● EXERCISE REQUIREMENTS
The records that follow are to be repeated exactly, with the pictures removed.

● LISTED ENTRIES

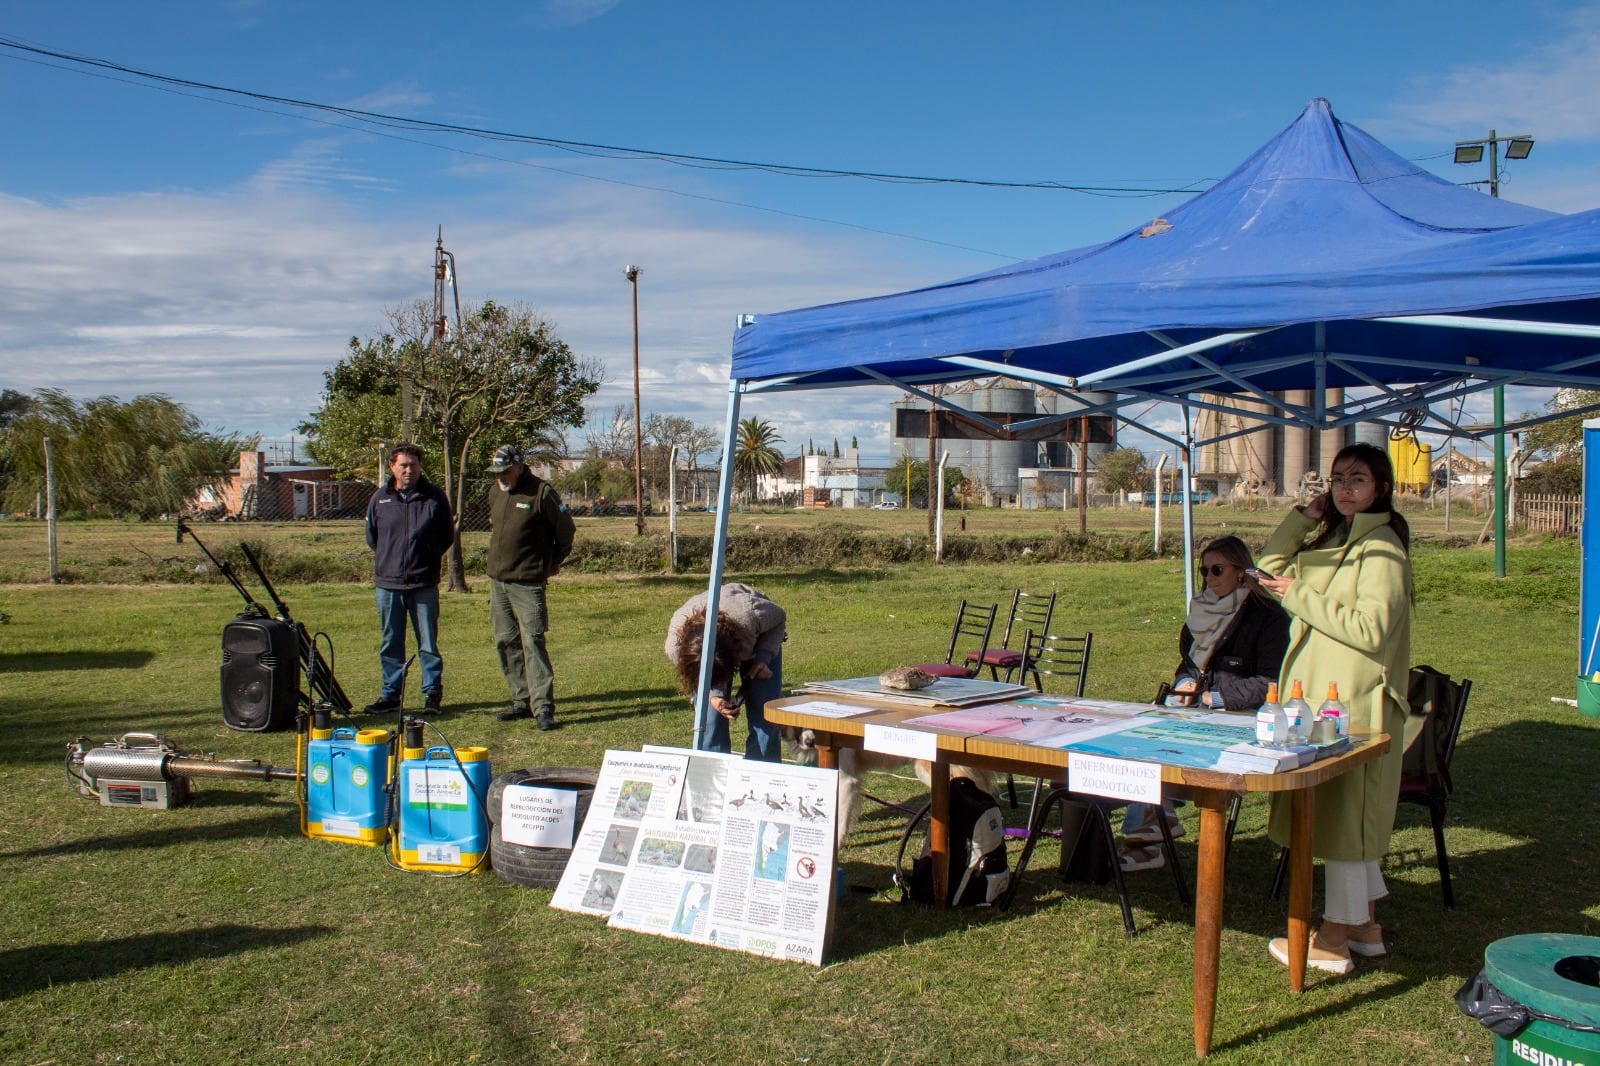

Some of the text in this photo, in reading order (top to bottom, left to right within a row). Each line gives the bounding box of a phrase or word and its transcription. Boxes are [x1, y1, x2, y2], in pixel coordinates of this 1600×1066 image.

[884, 731, 917, 745] DENGUE
[1074, 759, 1157, 779] ENFERMEDADES
[1082, 776, 1147, 796] ZOONOTICAS
[519, 795, 544, 804] LUGARES
[511, 812, 540, 822] MOSQUITO
[679, 832, 707, 844] NATURAL
[755, 938, 777, 950] OPDS
[785, 943, 813, 956] AZARA
[1512, 1038, 1586, 1066] RESIDU

● EXERCISE OUTPUT
Some of the text in this photo, in reading order (top to bottom, left to right within a row). Each line gives the bounding box of a phrase or word and its transcription. Boxes are [x1, y1, x2, y2], in pixel coordinates of this 1600×1066 image.

[884, 731, 917, 745] DENGUE
[1074, 759, 1157, 779] ENFERMEDADES
[1082, 776, 1147, 796] ZOONOTICAS
[519, 795, 544, 804] LUGARES
[511, 812, 540, 822] MOSQUITO
[679, 832, 707, 844] NATURAL
[755, 938, 777, 950] OPDS
[785, 943, 813, 956] AZARA
[1512, 1038, 1586, 1066] RESIDU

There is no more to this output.